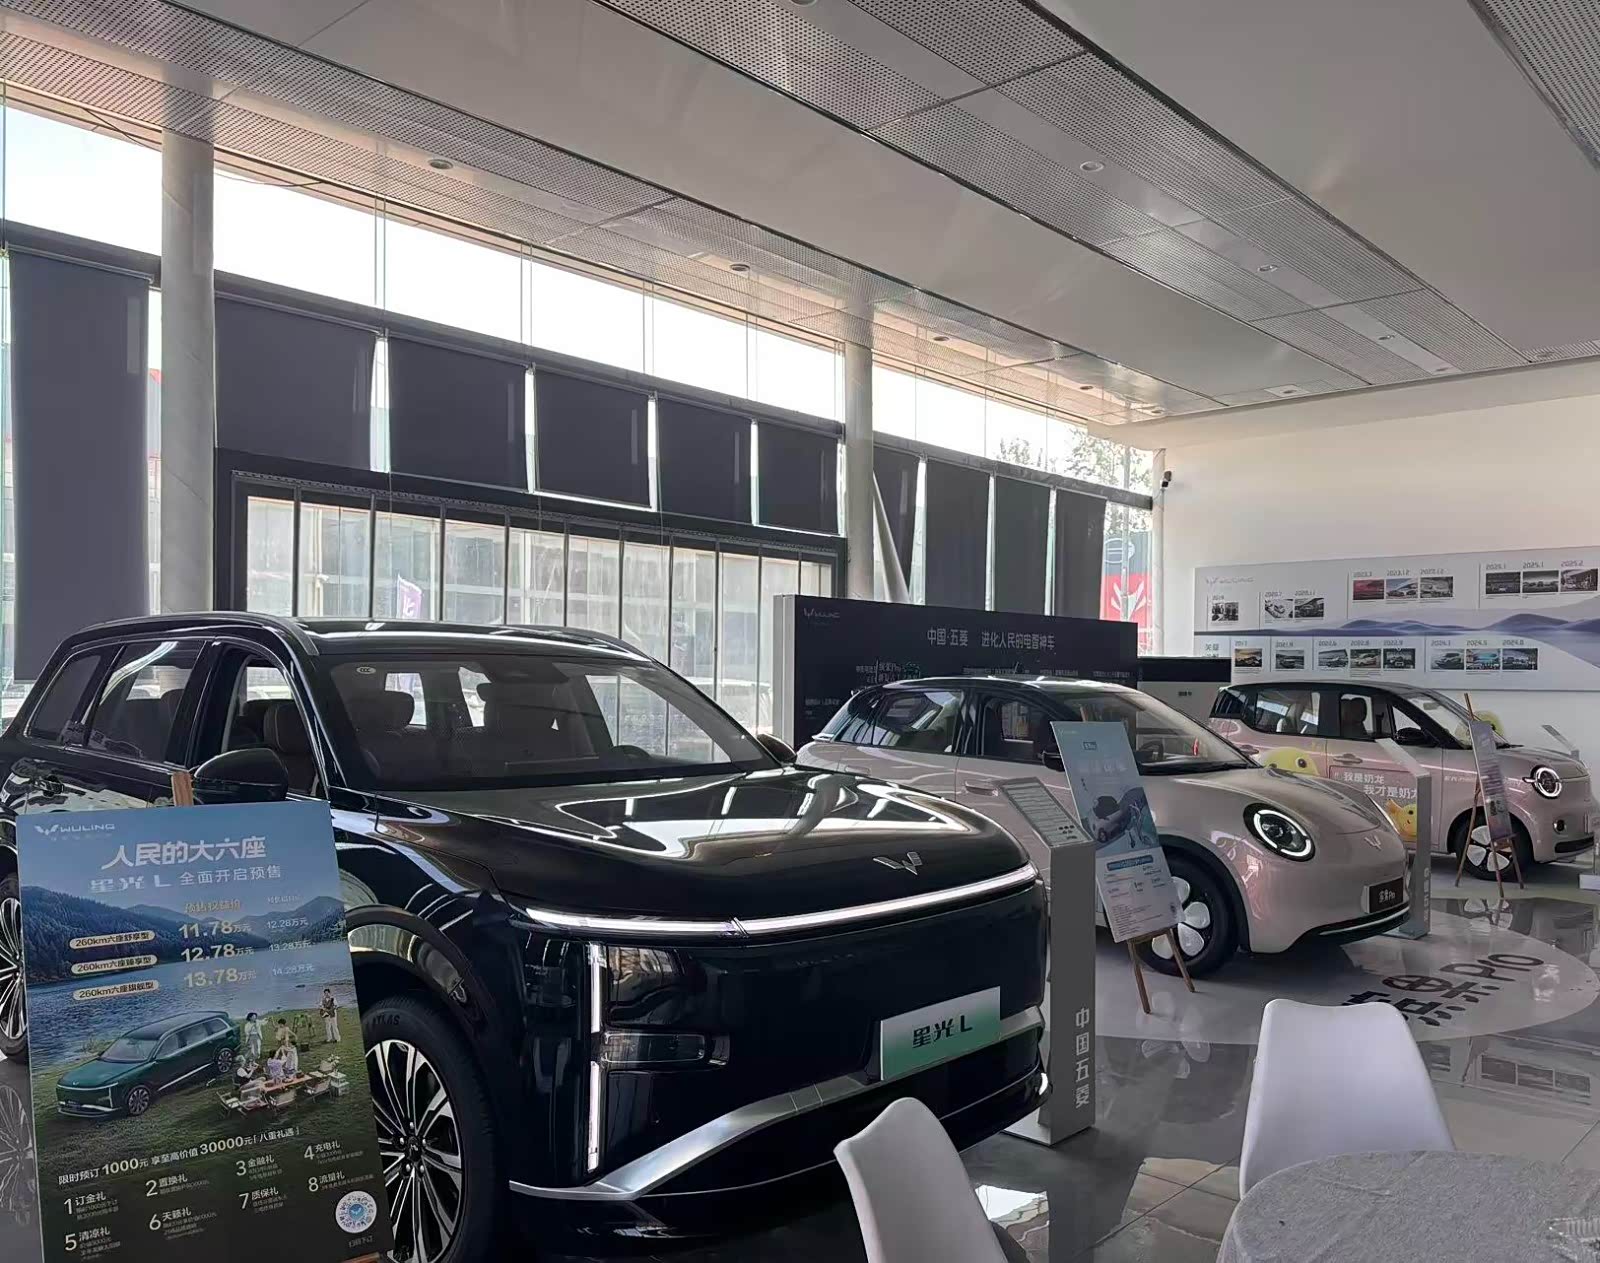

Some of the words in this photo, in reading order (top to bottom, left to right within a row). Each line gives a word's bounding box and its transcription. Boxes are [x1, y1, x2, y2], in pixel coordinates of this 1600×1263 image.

[101, 836, 266, 870] 人民的大六座
[180, 864, 281, 886] 全面开启预售
[178, 921, 252, 939] 11.78万元
[181, 943, 254, 963] 12.78万元
[184, 968, 257, 988] 13.78万元
[1075, 1007, 1090, 1109] 中国五菱
[304, 1145, 315, 1160] 4
[236, 1160, 247, 1176] 3
[146, 1180, 158, 1197] 2
[308, 1176, 318, 1192] 8
[64, 1198, 72, 1214] 1
[75, 1191, 106, 1206] 订金礼
[238, 1192, 250, 1210] 7
[251, 1186, 279, 1200] 质保礼
[149, 1214, 162, 1230] 6
[65, 1233, 78, 1251] 5

══════════════════════════════

### [Your objective]
Transcribe the listing word for word, but keep its pictures out of the copy.

### [Result below]
Some of the words in this photo, in reading order (top to bottom, left to right within a row). Each line gives a word's bounding box and its transcription. Boxes are [x1, y1, x2, y2], in pixel coordinates of this 1600×1263 image.

[101, 836, 266, 870] 人民的大六座
[180, 864, 281, 886] 全面开启预售
[178, 921, 252, 939] 11.78万元
[181, 943, 254, 963] 12.78万元
[184, 968, 257, 988] 13.78万元
[1075, 1007, 1090, 1109] 中国五菱
[304, 1145, 315, 1160] 4
[236, 1160, 247, 1176] 3
[146, 1180, 158, 1197] 2
[308, 1176, 318, 1192] 8
[64, 1198, 72, 1214] 1
[75, 1191, 106, 1206] 订金礼
[238, 1192, 250, 1210] 7
[251, 1186, 279, 1200] 质保礼
[149, 1214, 162, 1230] 6
[65, 1233, 78, 1251] 5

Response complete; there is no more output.